Through traditions, Lab fosters community


Matt Petres

At the end of their final year, U-High seniors walk through the school as younger students cheer and celebrate their journey.

Victoria Washington, Audience Engagement Manager

A tetherball pole is planted in the Blaine Courtyard. Colorful streamers rustle in the wind as lower school students dance around the pole, covering the metal with dazzling ribbons. In an old Rites of May tradition, students would come together to celebrate the end of the school year and enjoy three event-filled days. 

For the past 30 years, traditions have been centered around immersing students in all things academic, which Camille Baughn-Cunningham, a graduate of the Class of 1984, believes has been shifting.

“Spirit was always something that I think we as a school have felt differently about,” Dr. Cunningham said. “It wasn’t necessarily shared in a collective way. Spirit was more about this pride in being a ‘Labbie.’”

Dr. Cunningham has been a U-High counselor for 16 years. She remembers ArtsFest and Rites of May as celebratory times at U-High.

“Certainly in my recollection, Rites of May rose to the top. It was one of my fondest memories both as a student as well as a faculty member,” Ms. Cunningham said.

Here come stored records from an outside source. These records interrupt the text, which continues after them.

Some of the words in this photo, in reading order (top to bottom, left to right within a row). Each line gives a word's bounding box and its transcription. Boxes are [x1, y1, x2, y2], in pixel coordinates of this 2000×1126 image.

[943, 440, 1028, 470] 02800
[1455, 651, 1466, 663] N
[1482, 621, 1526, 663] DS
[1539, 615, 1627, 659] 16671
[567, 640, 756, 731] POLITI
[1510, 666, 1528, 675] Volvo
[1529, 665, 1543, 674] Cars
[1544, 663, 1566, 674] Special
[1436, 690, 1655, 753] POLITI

Erica Cheung, middle school math teacher, was a student at Lab from third grade through U-High. Her family has had a presence in the school community since 1982.

In Ms. Cheung’s memory, events like the middle school roller skating field trip created a lasting impression on students. It’s one that current seventh graders have brought back with their annual roller skating trip.

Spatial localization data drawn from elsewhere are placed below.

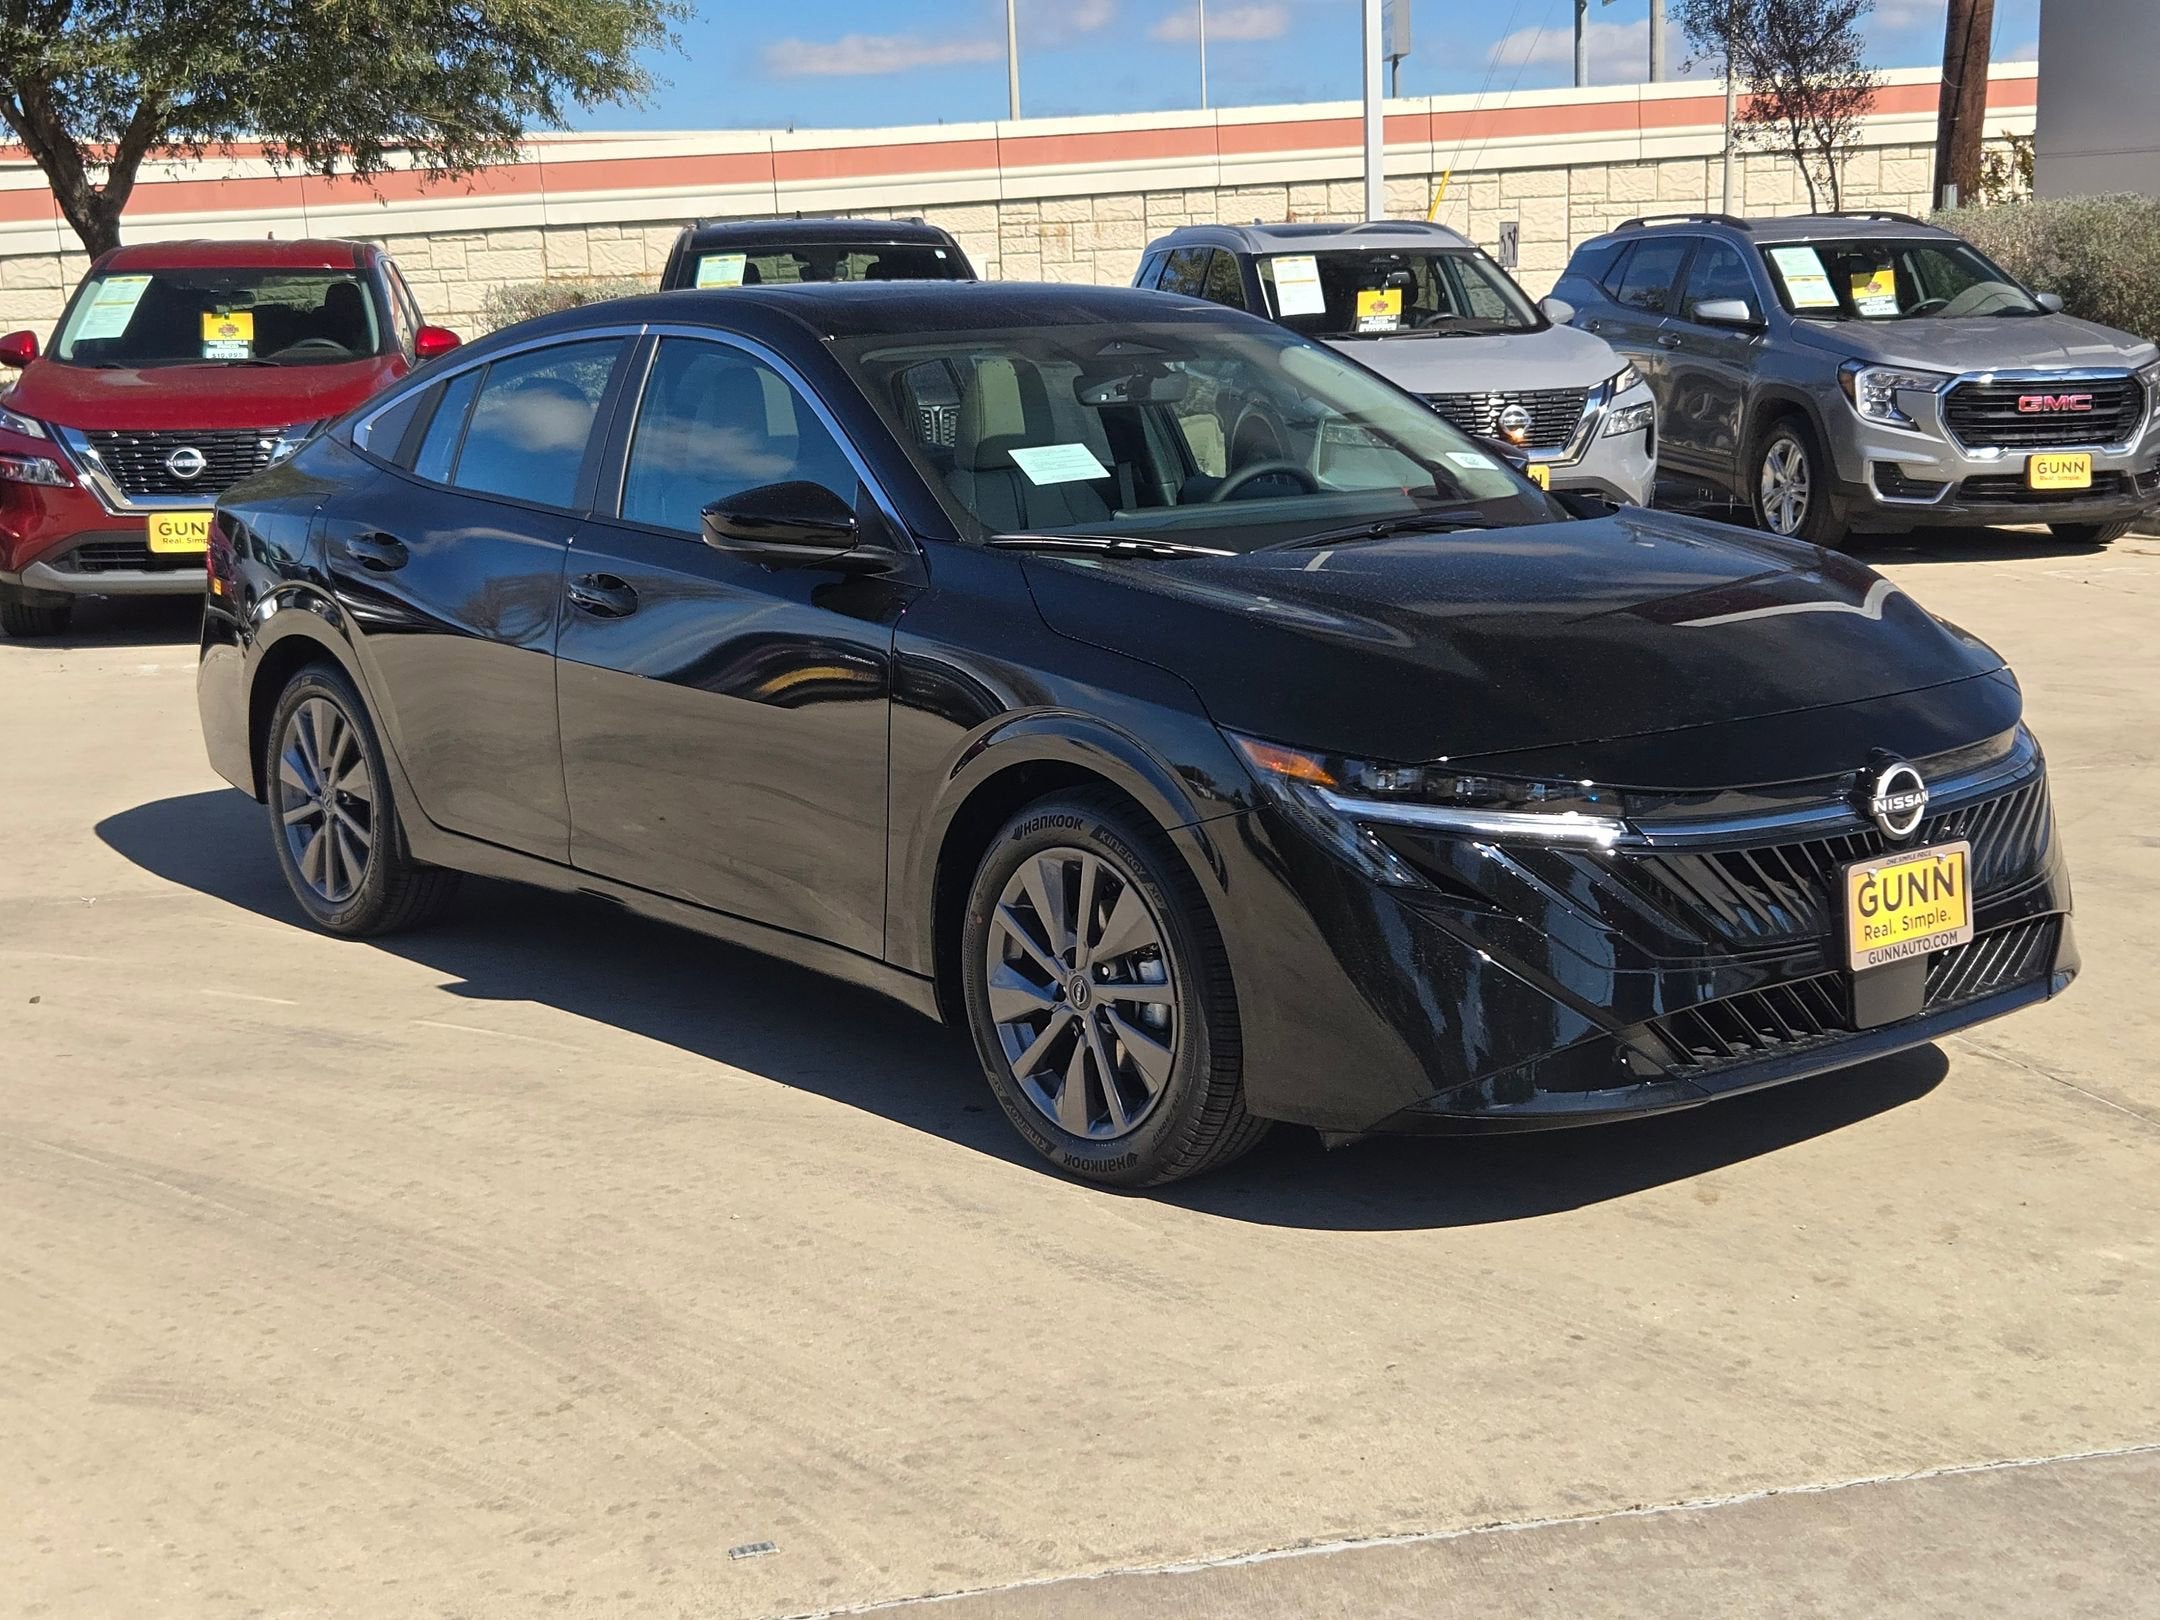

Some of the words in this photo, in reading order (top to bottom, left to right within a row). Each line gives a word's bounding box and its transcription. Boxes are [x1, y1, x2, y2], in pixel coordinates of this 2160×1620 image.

[2018, 394, 2093, 412] GMC
[2037, 461, 2085, 474] GUNN
[158, 521, 206, 536] GUN
[162, 537, 183, 545] Real.
[1873, 788, 1930, 814] NISSAN
[1858, 862, 1955, 918] GUNN
[1864, 918, 1897, 942] Real.
[1902, 907, 1952, 932] Simple.
[1868, 930, 1958, 965] GUNNAUTO.COM

“It used to be that the entire middle school would go roller skating on Halloween, but I think the school is too large now to do that. Now the seventh grade has done it for the past two years, but it used to be the whole school,” Ms. Cheung said.

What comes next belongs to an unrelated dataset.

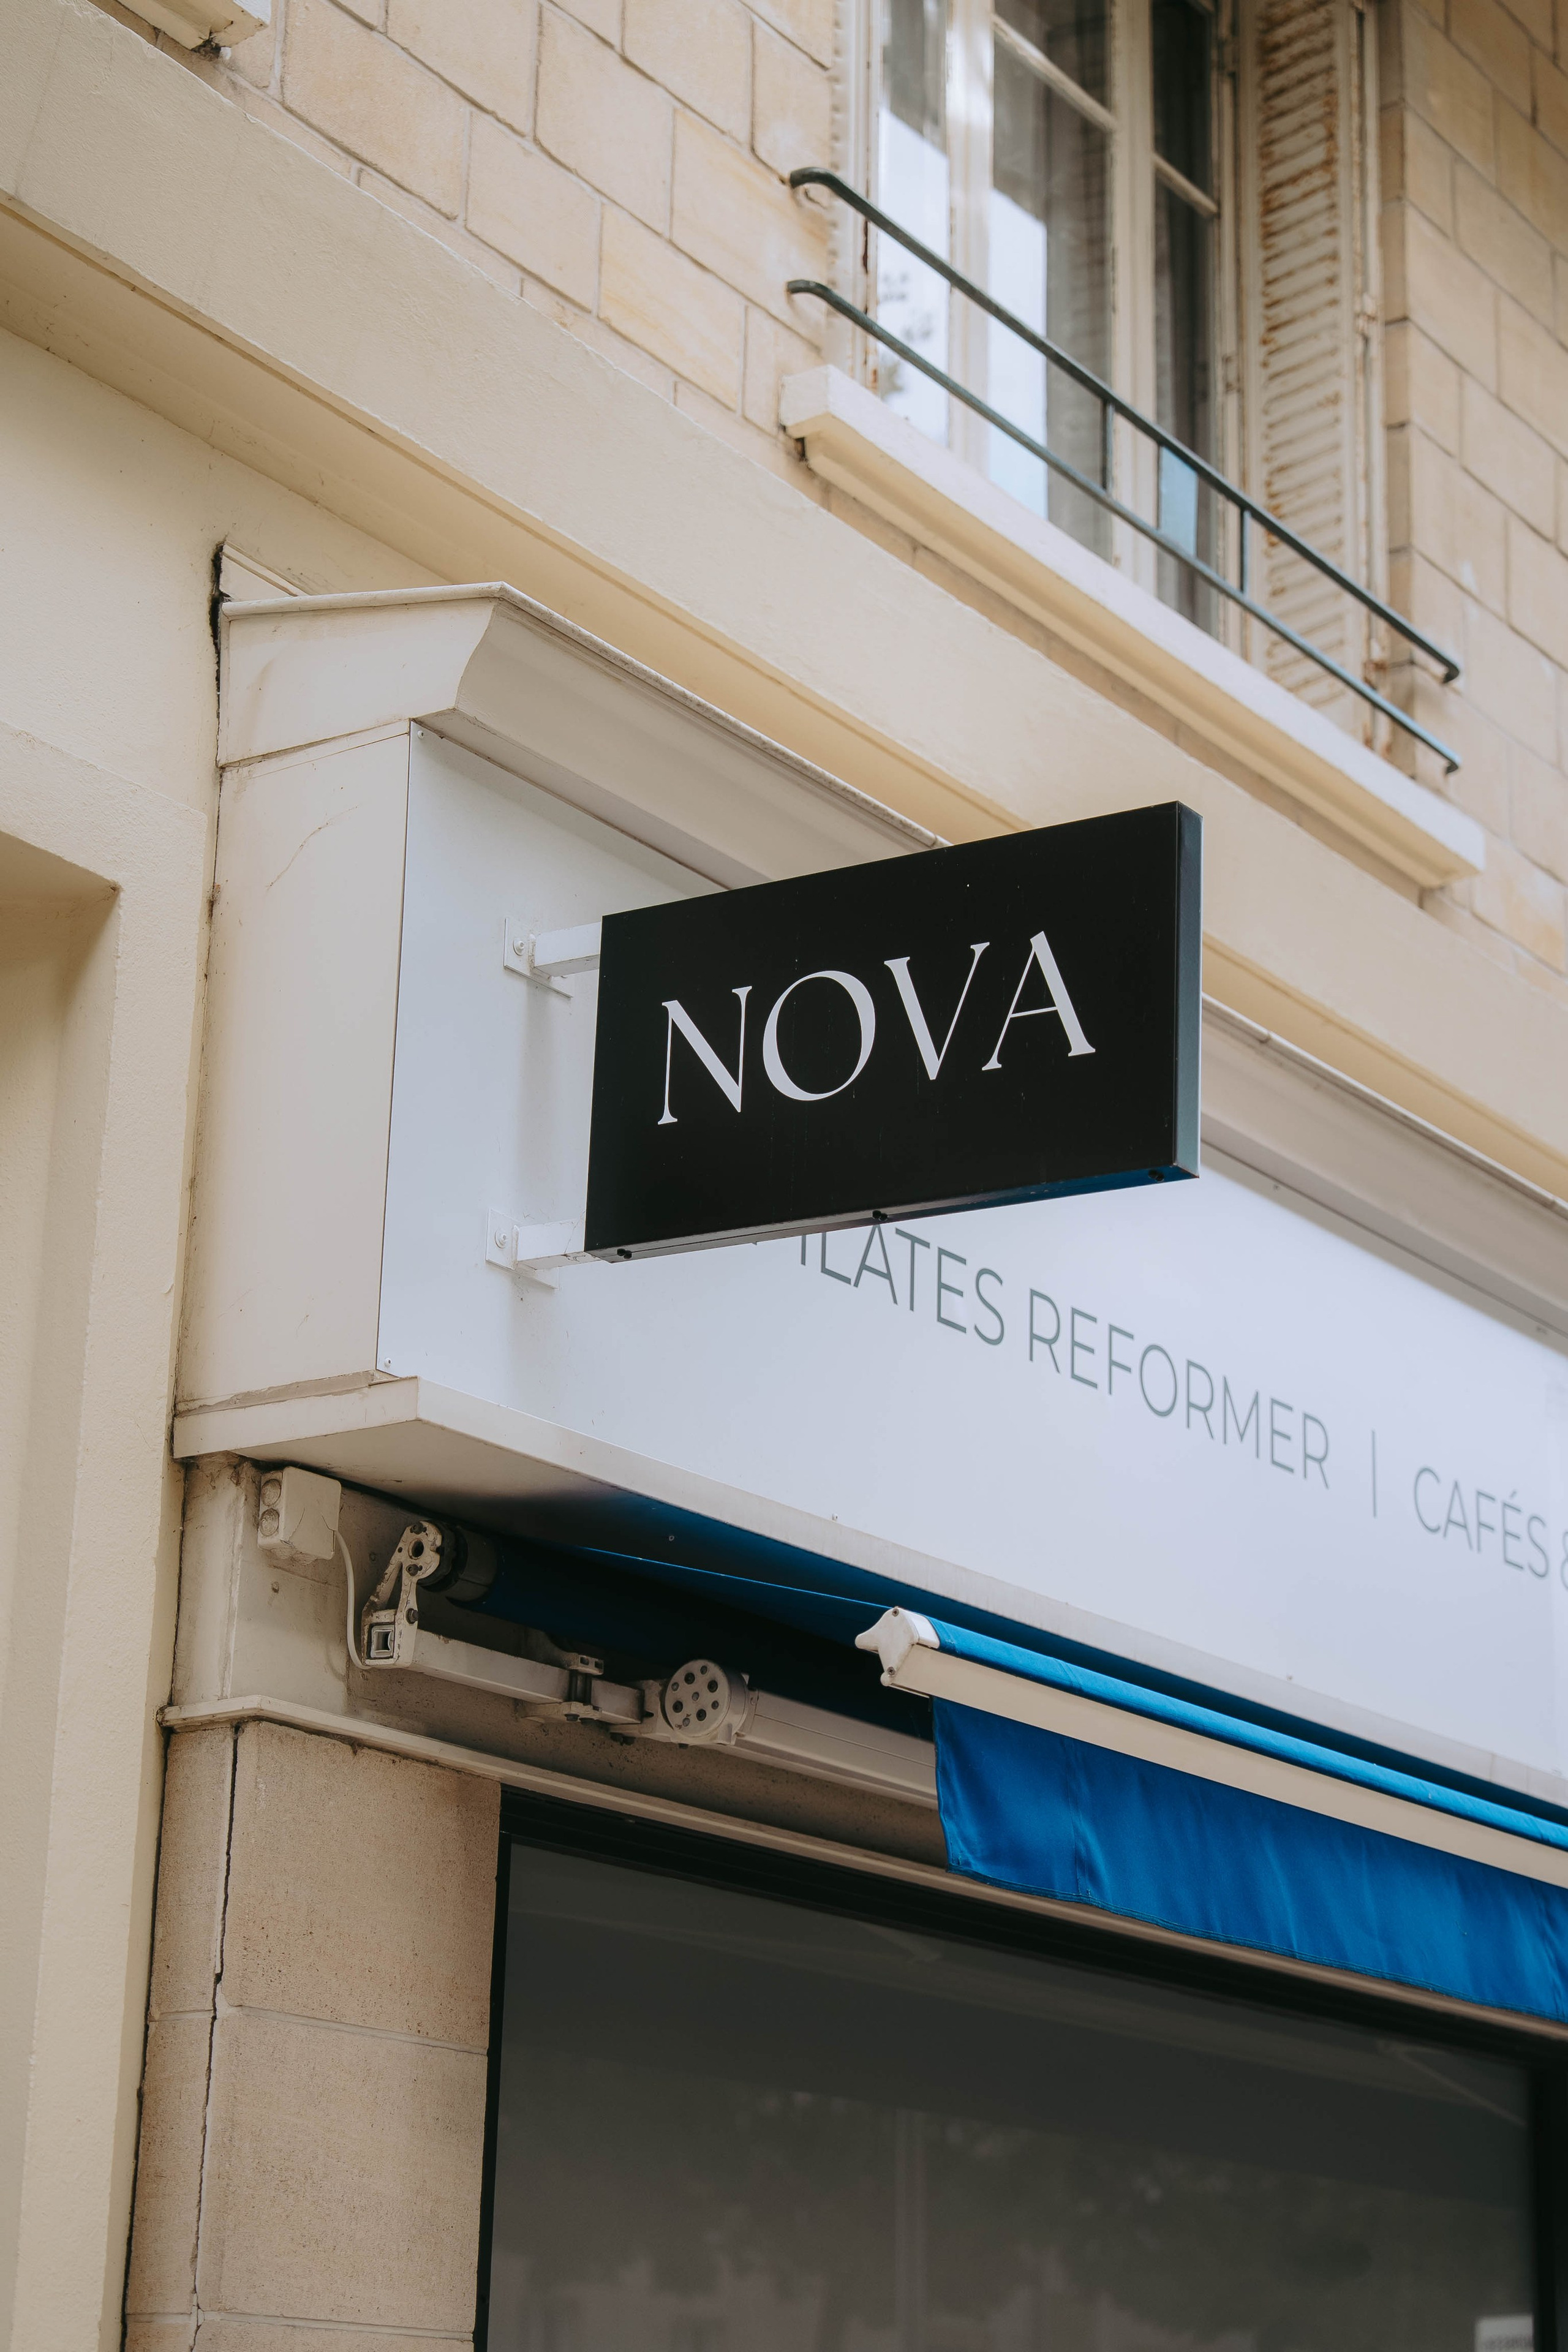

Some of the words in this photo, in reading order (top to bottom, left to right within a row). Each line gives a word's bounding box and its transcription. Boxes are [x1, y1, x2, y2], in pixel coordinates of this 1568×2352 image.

[657, 931, 1096, 1125] NOVA
[1029, 1287, 1330, 1490] REFORMER
[1414, 1466, 1550, 1580] CAFÉS

The expansion of Lab over the years has contributed to a community involvement disconnect. The level of engagement depends on the grade, in contrast to a schoolwide effort.

“I don’t know if there’s that closeness that we had when we were a smaller school,” Ms. Cheung said.

To Dr. Baughn-Cunningham, regardless of its growing number of students, U-High has always been supportive of students’ individuality and finding their group in the school community.

“People are doing their own things,” Dr. Baughn-Cunningham said. “As a school we have been very supportive of people finding their niche, particularly if it’s off the beaten path.”

Although community involvement surrounding school wide events has been different since Ms. Cheung was a student, she doesn’t believe the shift is an area for concern.“Everyone’s going to have a different level of comfort in how they engage with the community. I think that if people can find their level of comfort, then it’s OK,” Ms. Cheung said. “We have some common experiences that run through time, like Rites of May, that pull the community together, and we all have a similar opportunity to share that collective memory.”

Several U-High faculty members are satisfied with the level of community involvement and spirit they see in the school. As a former student, Dr. Baughn-Cunningham feels torn between a past and future version of Lab and feels optimistic about blending the old and new.

“We’re hesitant to change,” Dr. Baughn-Cunningham said, “but sometimes those changes and those pushes to do things a little bit differently can be so rewarding. As much as I feel satisfied with the way in which things are run, I feel like we always have to keep an ear and eye open for what we haven’t opened our minds to consider.”